MSSM Lightest CP-Even MSSM Higgs Boson Mass to O(alpha_s alpha_t): the Effective Potential Approach

TL;DR

This work addresses the precise prediction of the MSSM lightest CP-even Higgs mass $m_{h^0}$ by deriving a simple analytical, RG-improved formula that includes dominant radiative corrections up to ${\cal O}(α_s α_t)$. Starting from a two-loop MSSM effective potential, the authors combine effective-potential, diagrammatic, and RG methods to resum large logarithms and incorporate finite mixing effects from the top-squark sector.
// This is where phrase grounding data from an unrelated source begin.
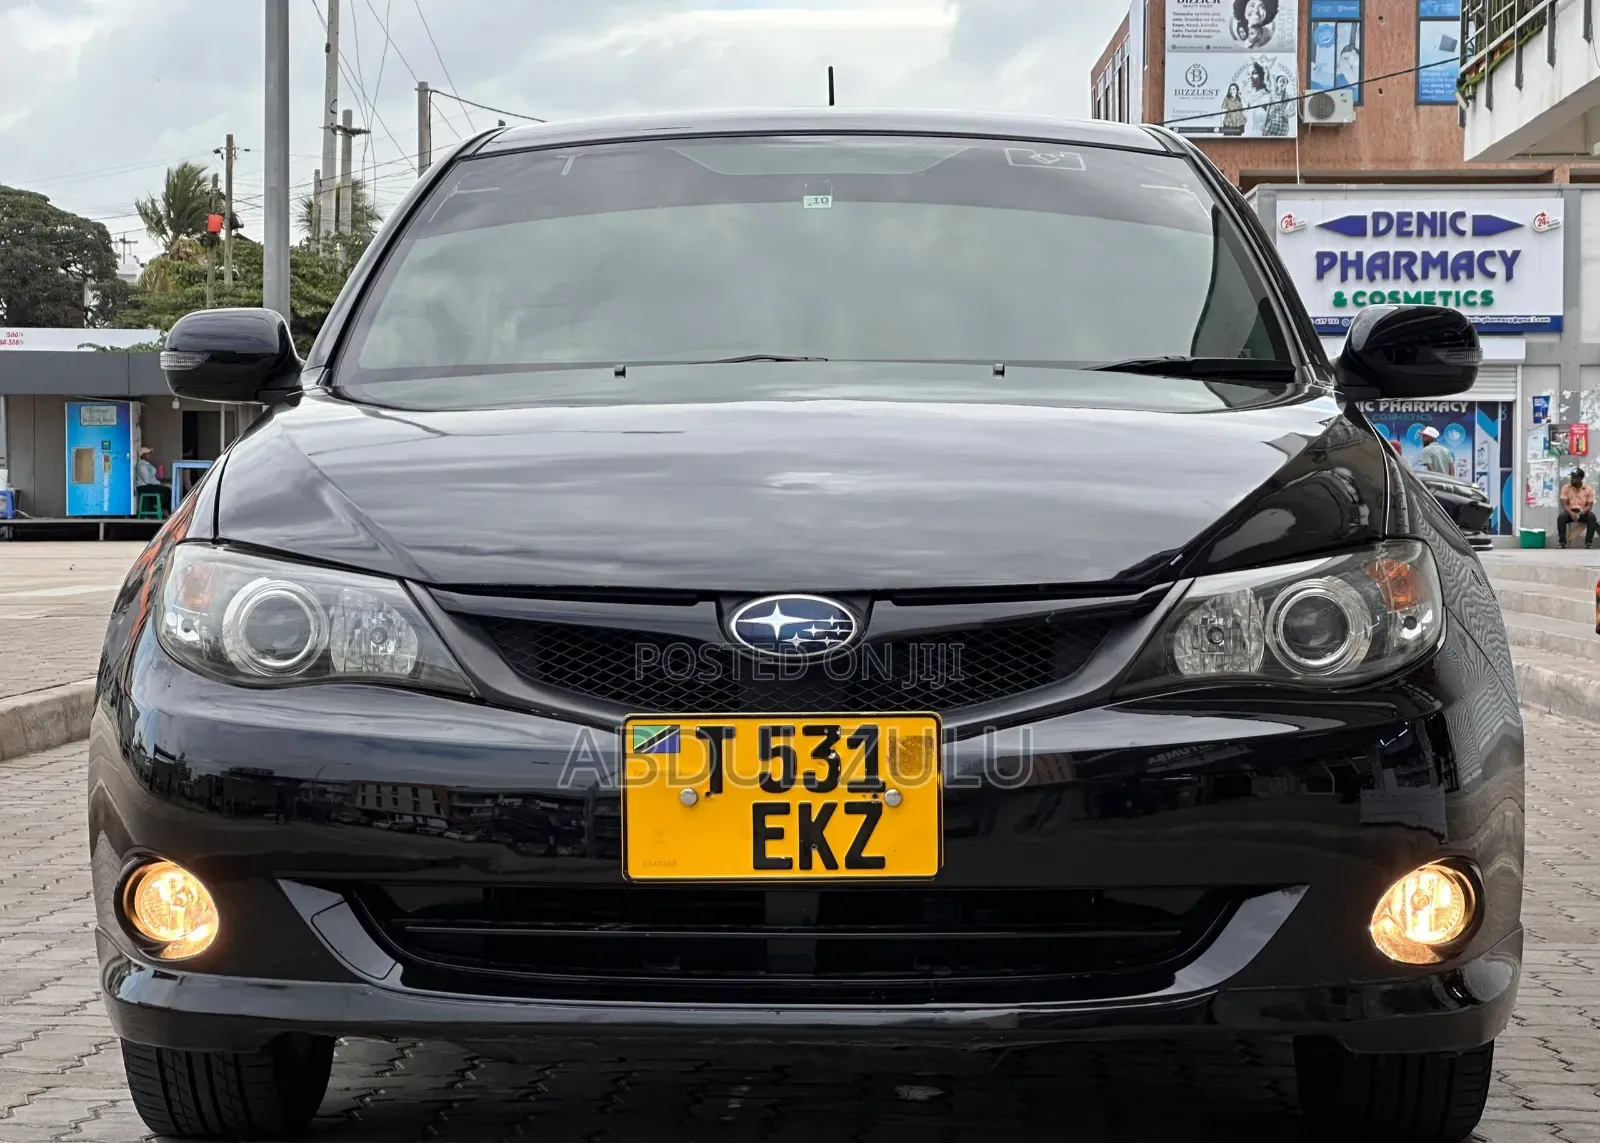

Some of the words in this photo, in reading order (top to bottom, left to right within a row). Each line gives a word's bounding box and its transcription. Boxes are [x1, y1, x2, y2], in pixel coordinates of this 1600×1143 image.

[1372, 211, 1467, 237] DENIC
[1315, 250, 1522, 282] PHARMACY
[1333, 290, 1347, 307] &
[1352, 290, 1494, 307] COSMETICS
[1372, 413, 1433, 421] COSMETICS
[1379, 401, 1469, 413] PHARMACY
[695, 724, 736, 795] T
[758, 724, 886, 794] 531
[752, 801, 886, 871] EKZ
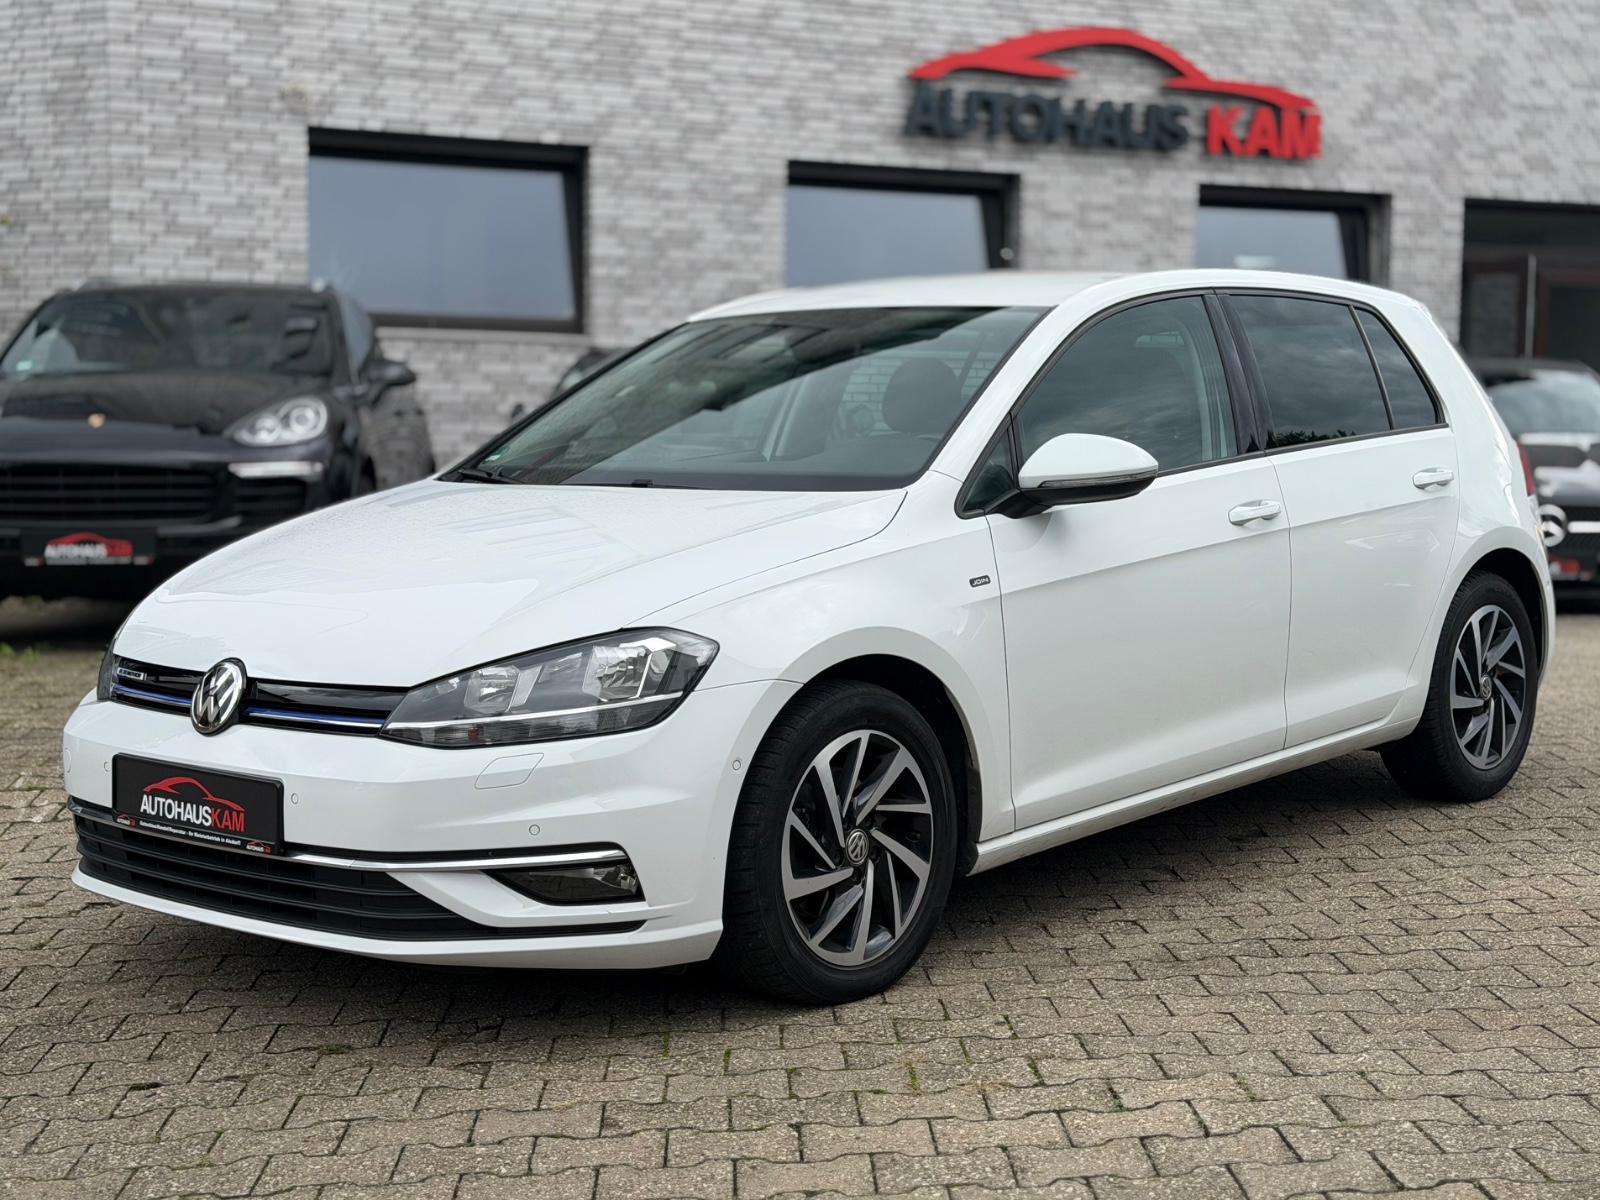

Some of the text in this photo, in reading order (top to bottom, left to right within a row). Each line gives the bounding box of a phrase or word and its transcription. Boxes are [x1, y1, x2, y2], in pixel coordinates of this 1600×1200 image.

[907, 87, 1321, 159] AUTOHAUS KAM
[972, 577, 989, 586] JOIN
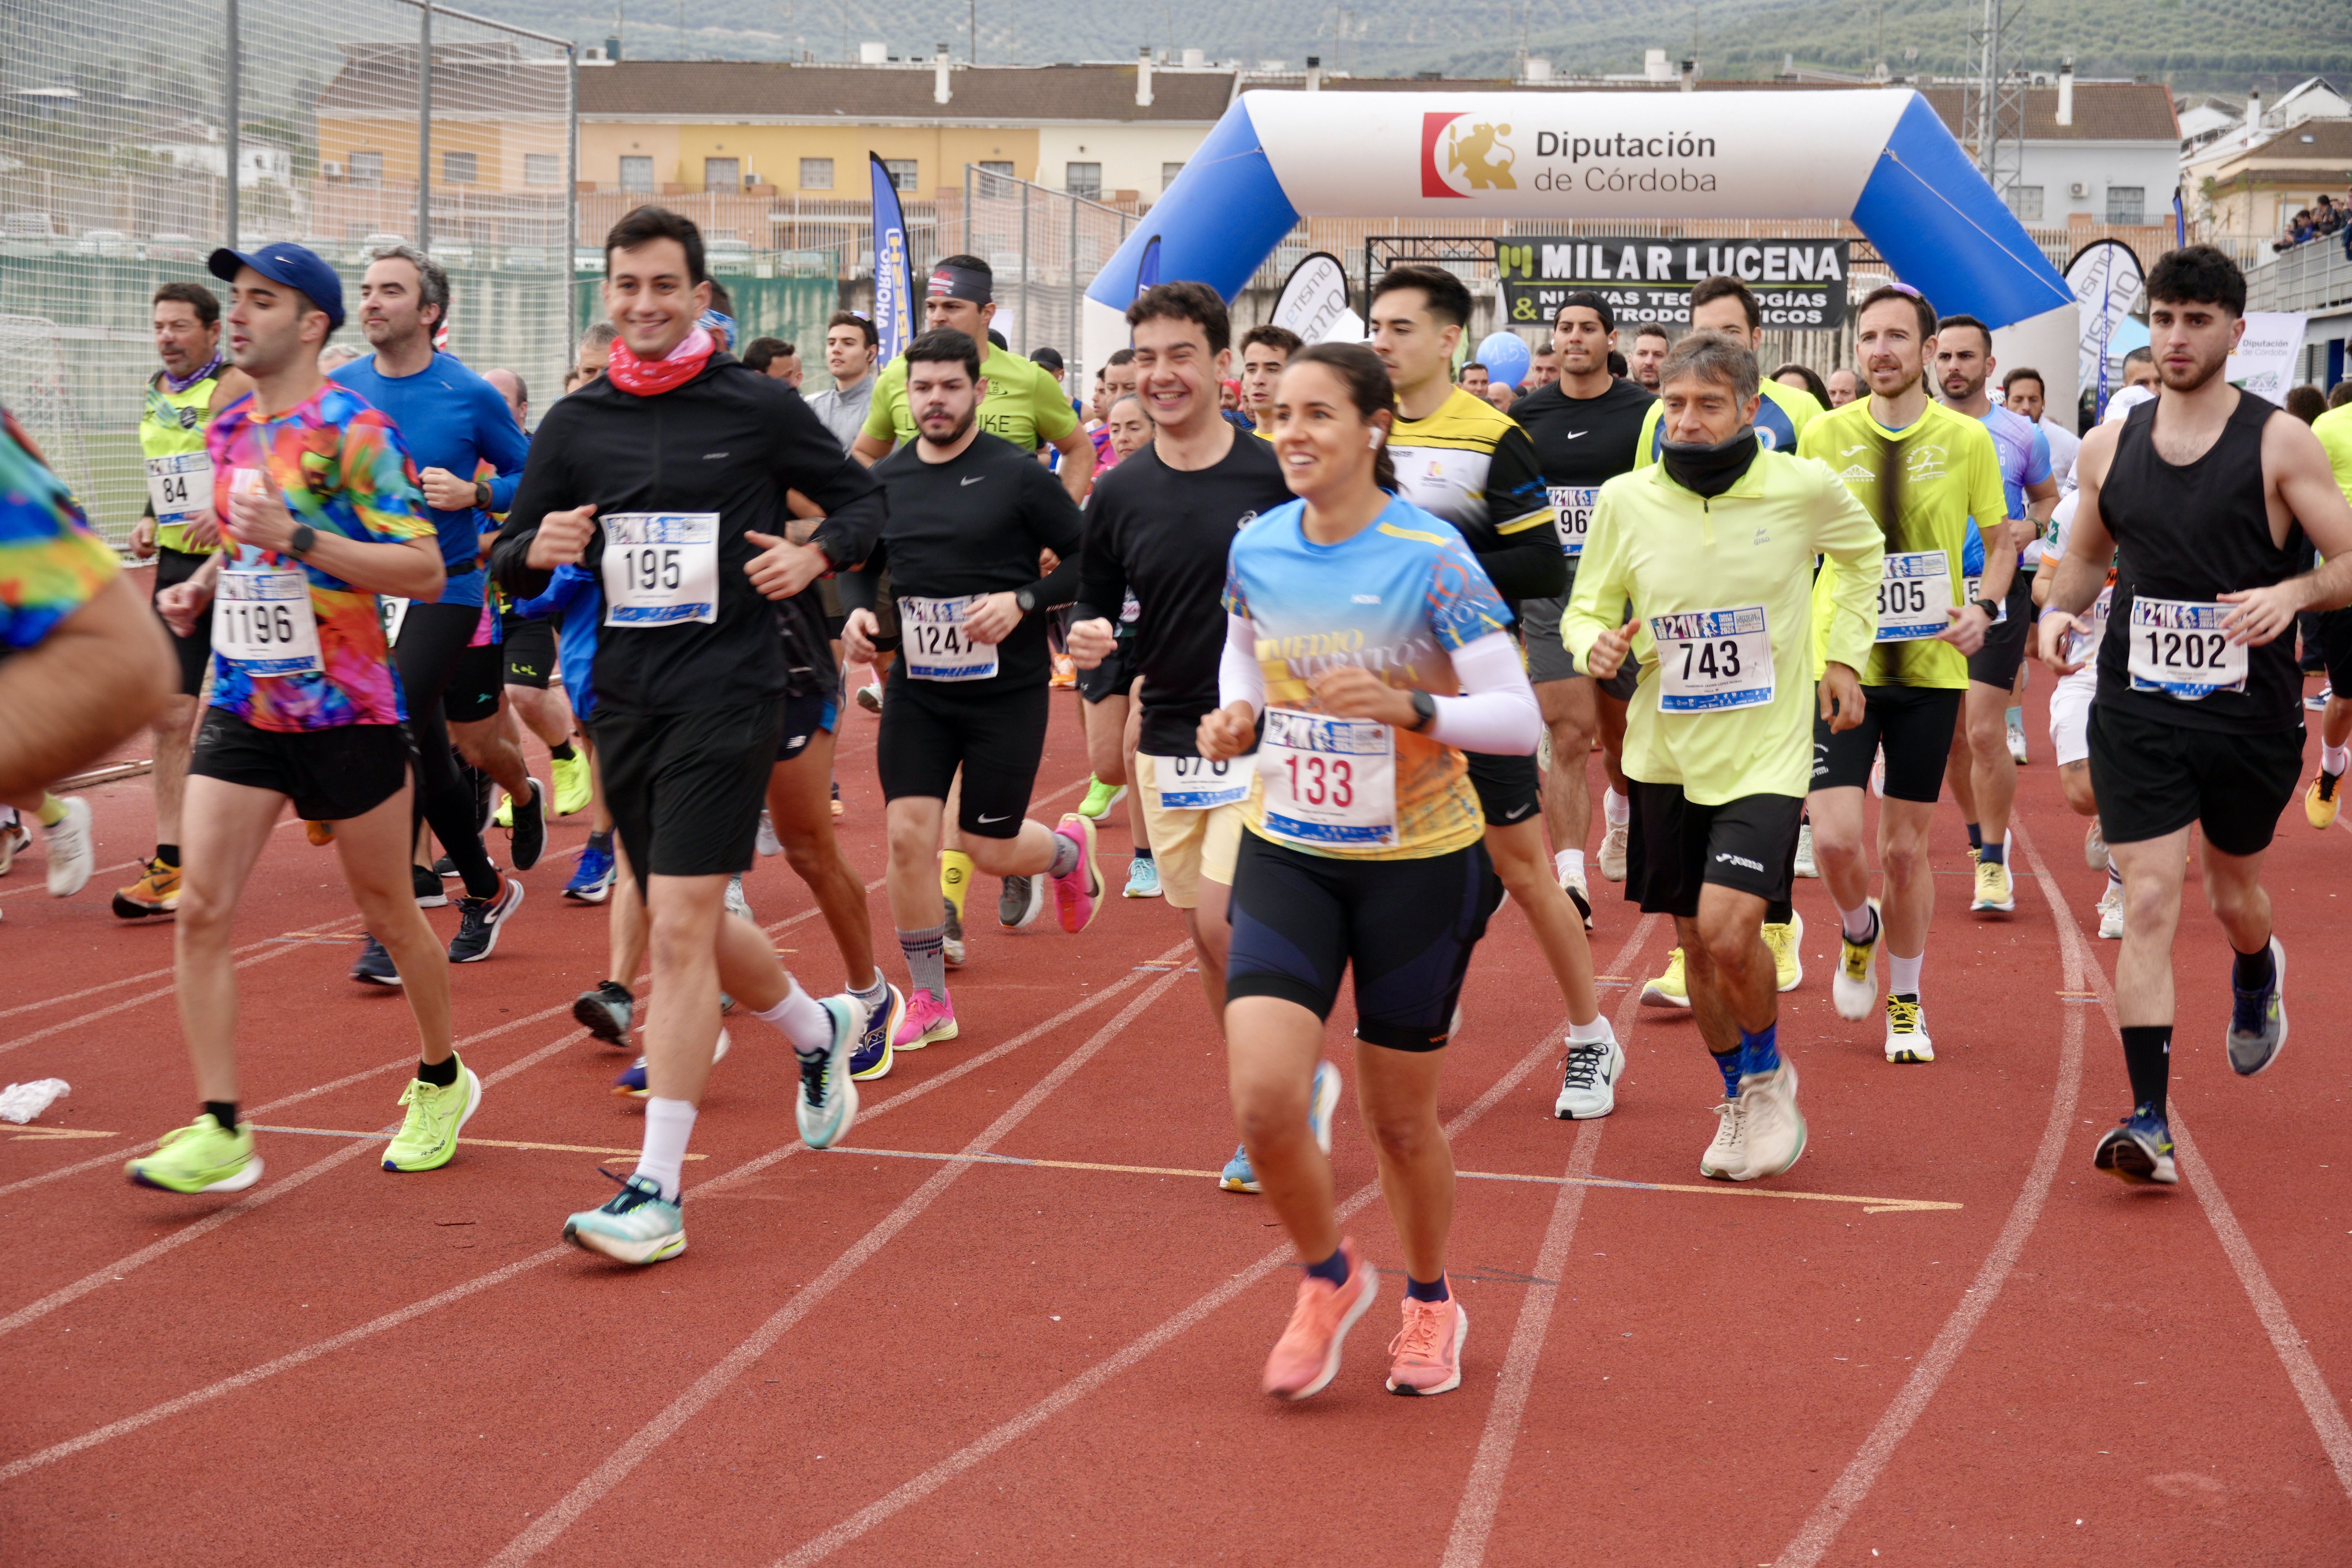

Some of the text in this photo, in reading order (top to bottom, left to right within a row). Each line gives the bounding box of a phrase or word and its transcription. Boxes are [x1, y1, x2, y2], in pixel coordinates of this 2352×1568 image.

[1537, 131, 1715, 163] Diputación
[1535, 167, 1716, 191] de Córdoba
[1541, 244, 1842, 281] MILAR LUCENA
[1513, 297, 1822, 324] & ETRODOICOS
[1540, 290, 1827, 308] NUAS TECOGÍAS
[163, 476, 188, 503] 84
[1561, 509, 1593, 534] 96
[1754, 536, 1770, 546] ipso
[623, 549, 681, 590] 195
[222, 605, 292, 644] 1196
[1665, 614, 1701, 639] 21K
[1679, 640, 1740, 680] 743
[2145, 631, 2226, 669] 1202
[1286, 754, 1353, 808] 133
The resulting expression, valid for a heavy SUSY threshold $M_S$, matches known diagrammatic results where overlap exists and clarifies discrepancies with previous RG analyses as arising from scheme choices and two-loop threshold terms. They also provide a structured framework to extend to ${\cal O}(α_t^2)$ corrections, highlighting the practical impact for Higgs phenomenology and SUSY parameter interpretation.

Abstract

Starting with the two-loop effective potential of the MSSM, and assuming a supersymmetric scale well above $M_Z$, we derive a simple analytical approximation for the lightest CP-even Higgs boson mass including resummation of higher order logarithmic terms via RG-improvement and finite non-logarithmic terms up to ${\cal O}(α_sα_t)$. This formula describes the most relevant radiative corrections to the MSSM Higgs boson mass, in particular, those associated with non-zero top-squark mixing.

Figures (1)

• Figure 1: Higgs boson mass $m_{h^0}$ versus ${\widehat{X}}_t/{\widehat{m}}_{\tilde{t}}$. The solid lines and dotdashes correspond to the two-loop Higgs boson masses calculated from the RG-improved mass formula Eq. (\ref{['mhrg']}), with and without including the two-loop finite threshold corrections. One-loop masses are shown in dashes for reference.